> REQUIRED WORK: Return the line containing "this 1646×1647 image." and every line beneath it through the end of the entries below, unchanged. Pictures stay out.

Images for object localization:
☆ ☆ ☆ ☆ ☆ ☆ ☆
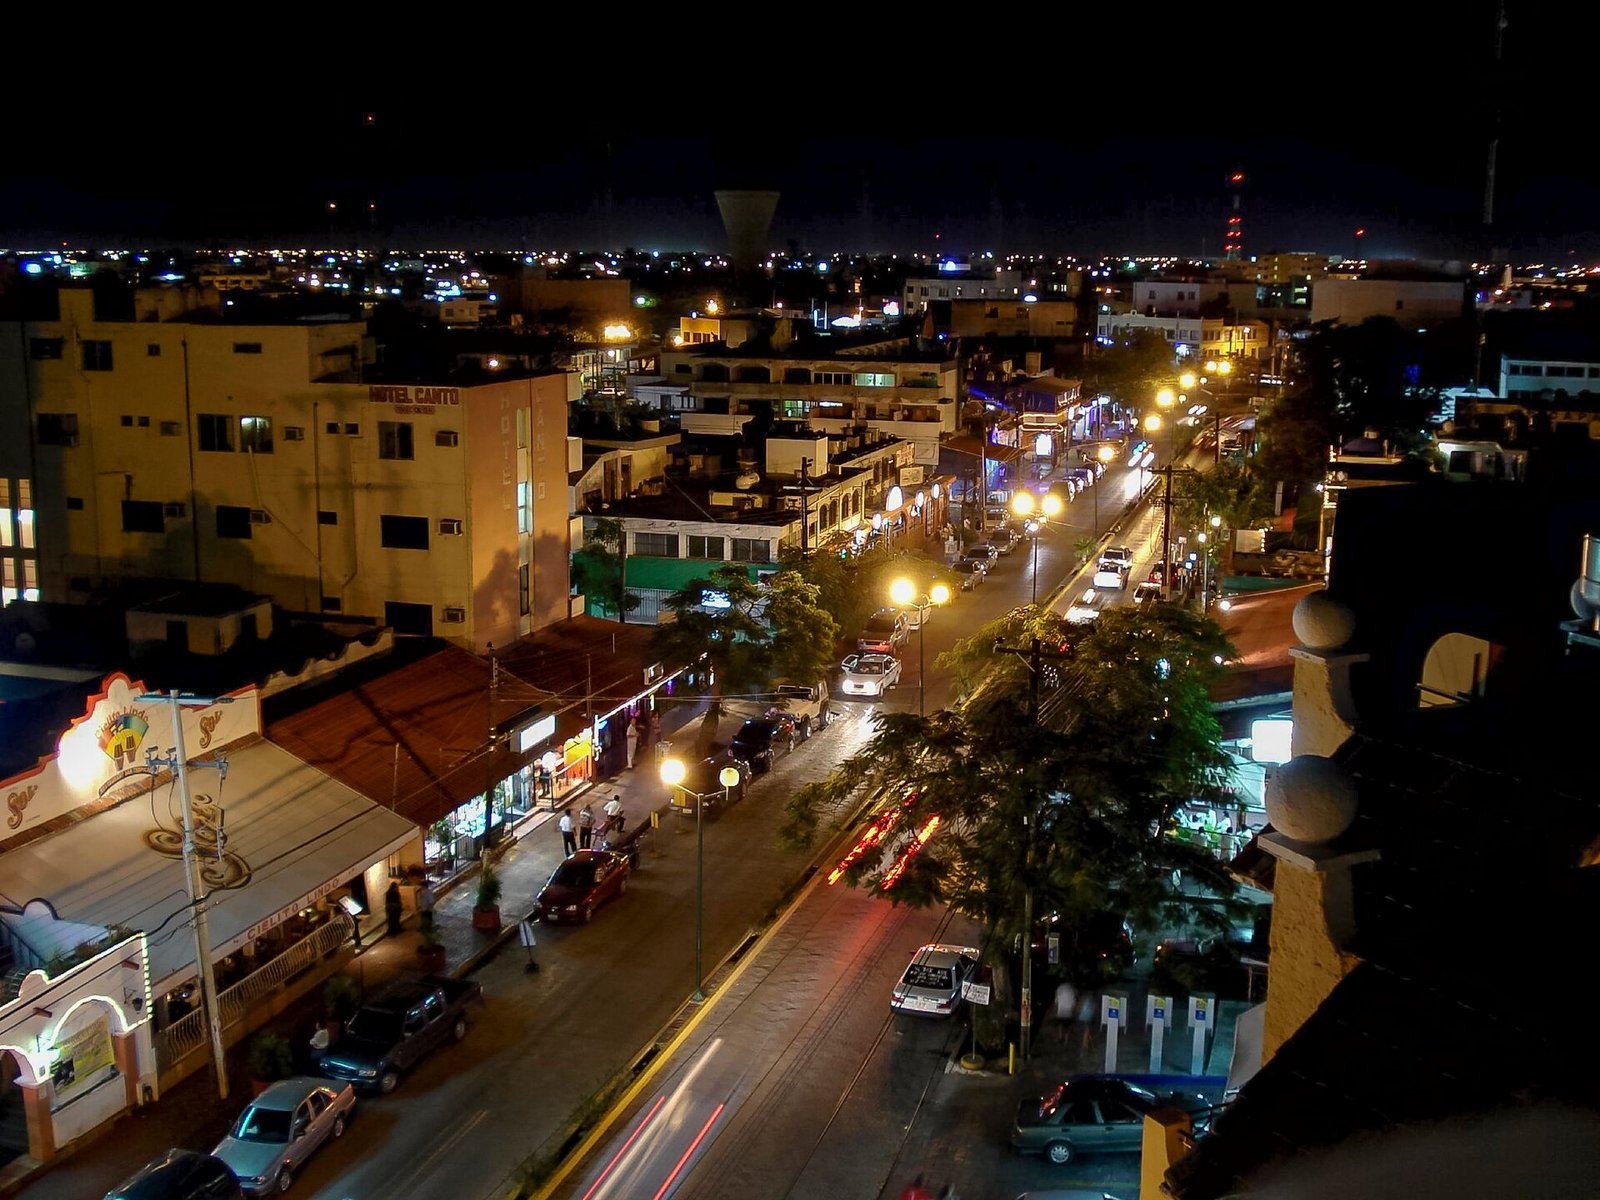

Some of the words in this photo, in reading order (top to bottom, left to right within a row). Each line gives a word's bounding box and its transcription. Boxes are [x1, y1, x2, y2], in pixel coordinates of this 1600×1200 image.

[369, 386, 413, 404] HOTEL
[414, 387, 460, 406] CANTO
[123, 704, 150, 722] Lindo
[246, 902, 300, 941] CIELITO
[306, 878, 340, 905] LINDO
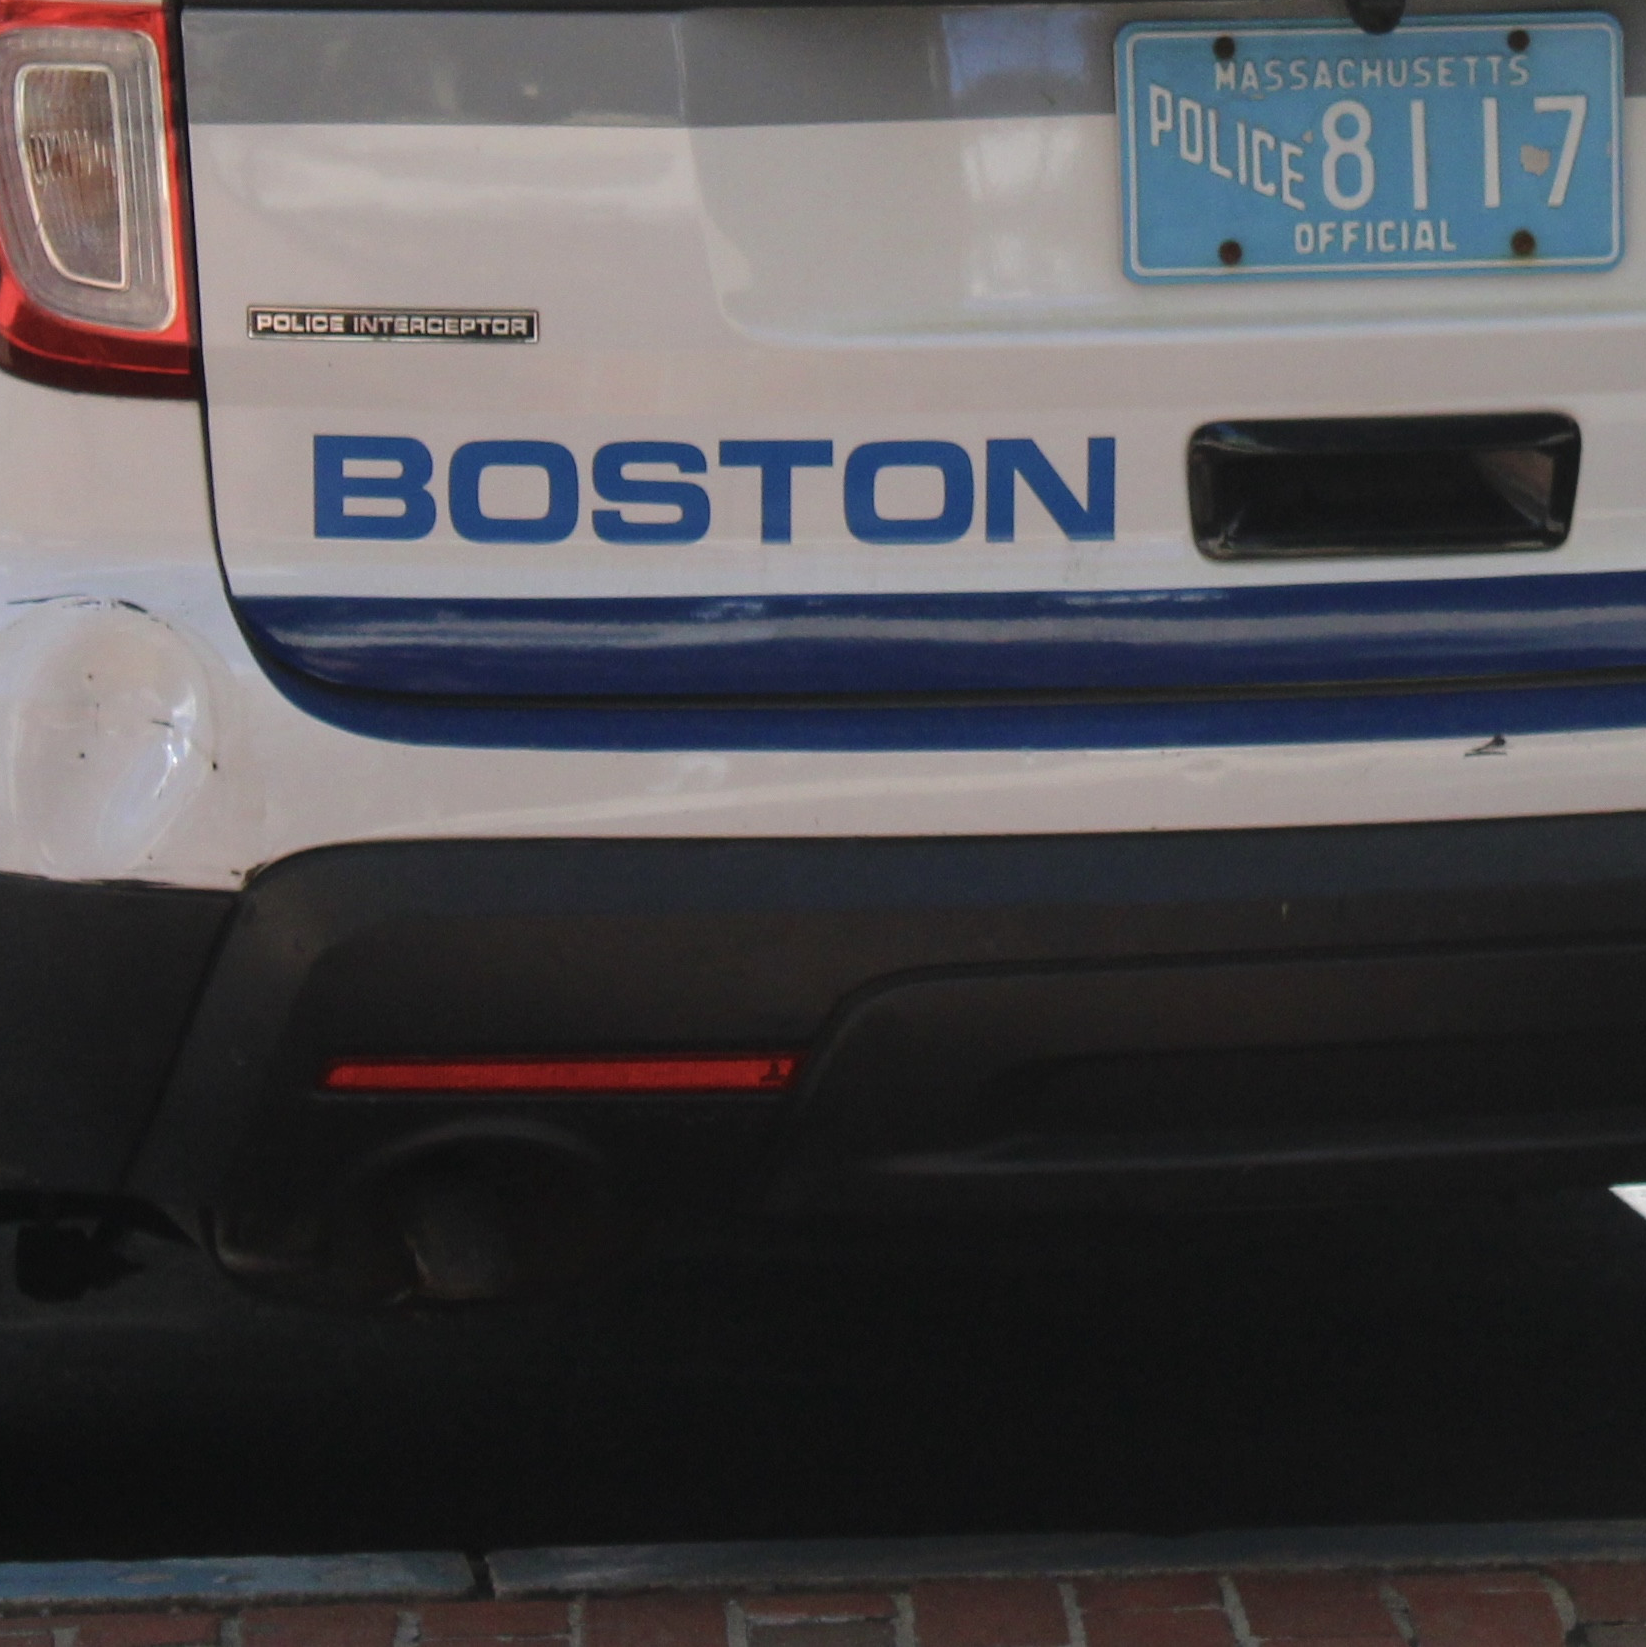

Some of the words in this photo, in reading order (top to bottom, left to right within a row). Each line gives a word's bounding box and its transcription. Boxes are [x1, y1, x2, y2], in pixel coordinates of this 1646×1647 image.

[1215, 57, 1529, 92] MASSACHUSETTS
[1149, 84, 1305, 211] POLICE
[1321, 95, 1587, 212] 8117
[1294, 219, 1457, 254] OFFICIAL
[256, 313, 345, 333] POLICE
[353, 316, 527, 336] INTERCEPTOR
[313, 435, 1116, 544] BOSTON
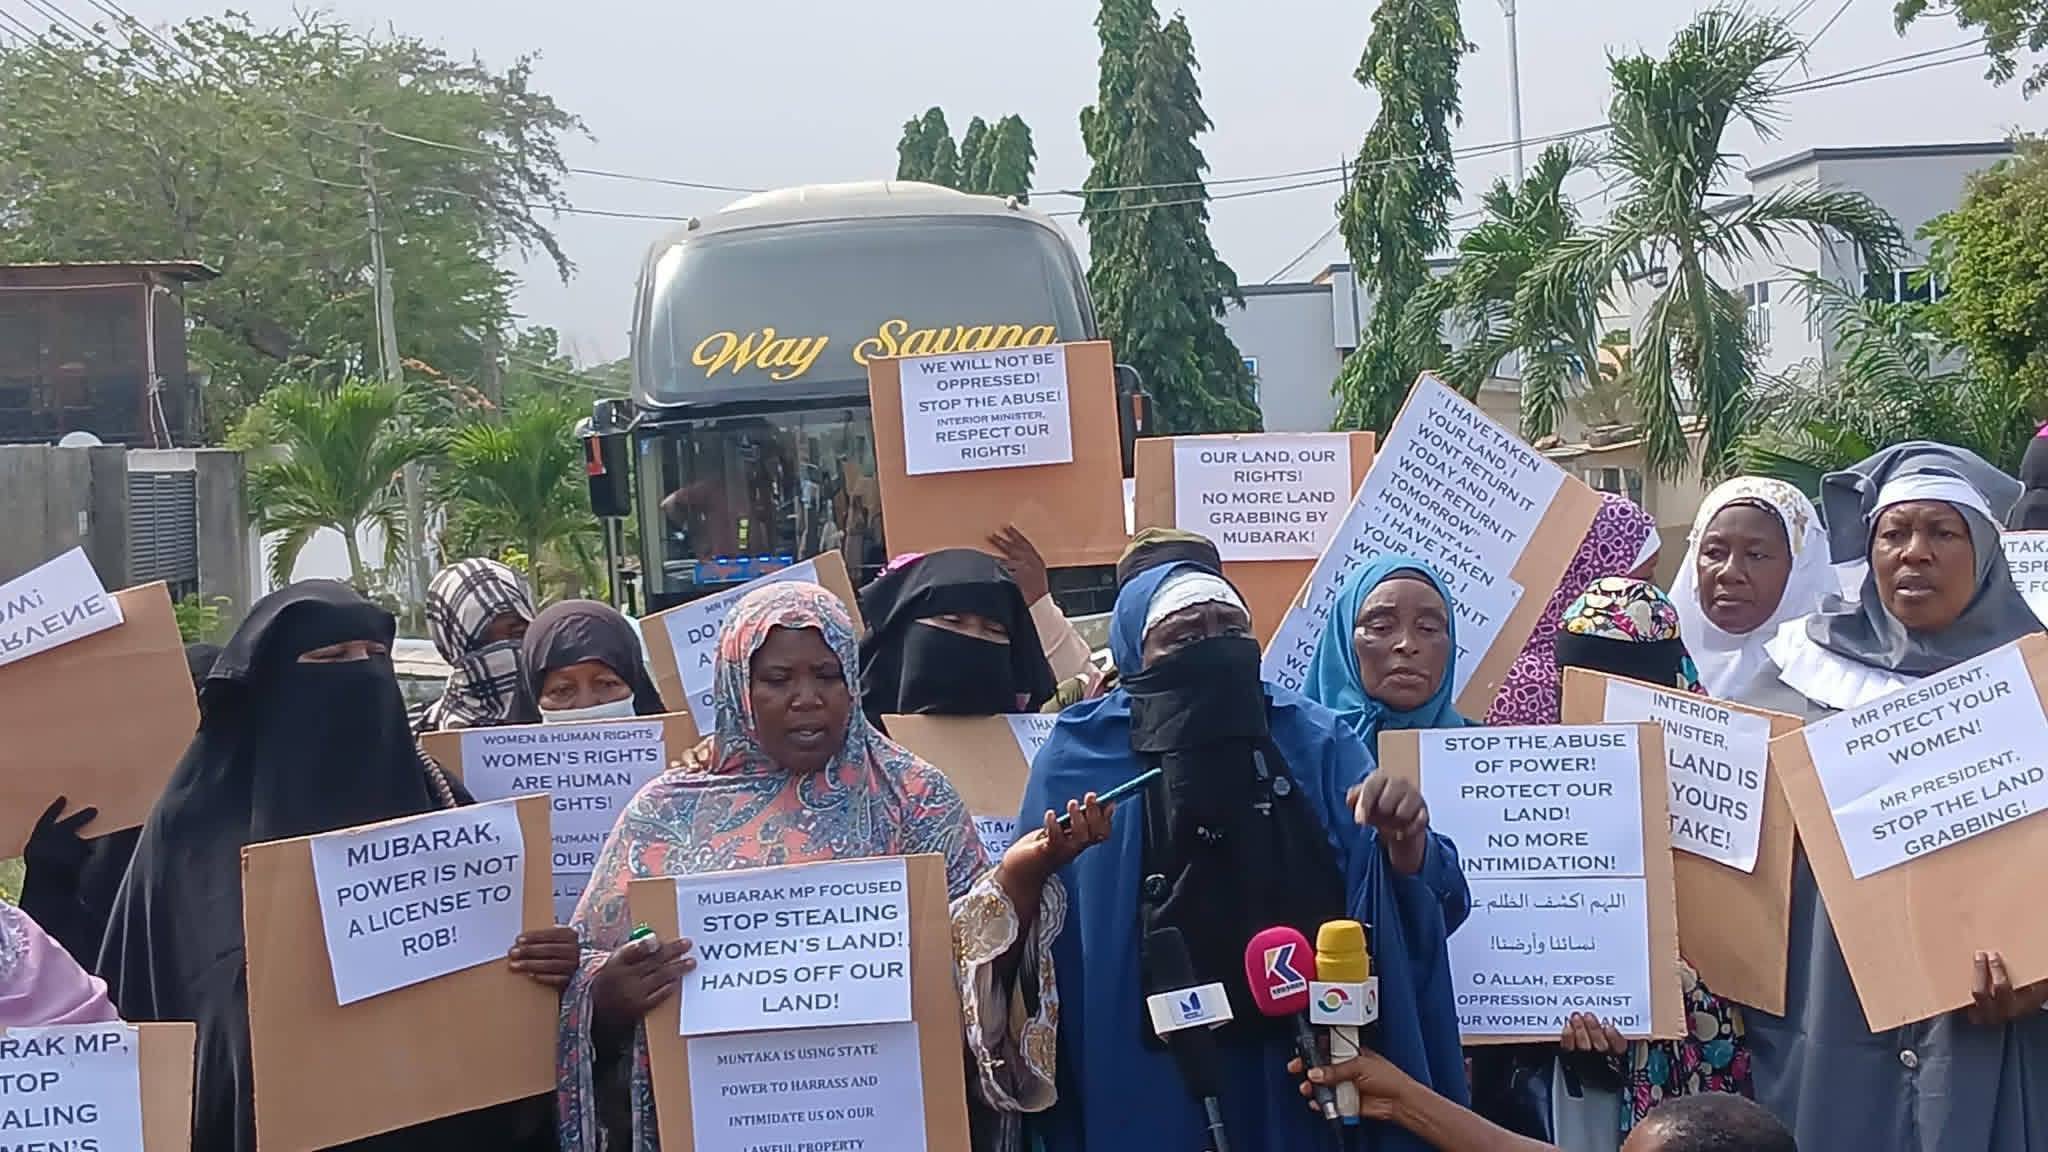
☆ ☆ ☆ ☆ ☆ ☆ ☆
> RESPONSE TO THE EXERCISE:
Some of the words in this photo, in reading order (top to bottom, left to right within a row). Each line gives a word's bounding box and its transcription. Boxes are [x1, y1, x2, y2], in pixel coordinates of this 1646×1647 image.

[1215, 57, 1529, 92] MASSACHUSETTS
[1149, 84, 1305, 211] POLICE
[1321, 95, 1587, 212] 8117
[1294, 219, 1457, 254] OFFICIAL
[256, 313, 345, 333] POLICE
[353, 316, 527, 336] INTERCEPTOR
[313, 435, 1116, 544] BOSTON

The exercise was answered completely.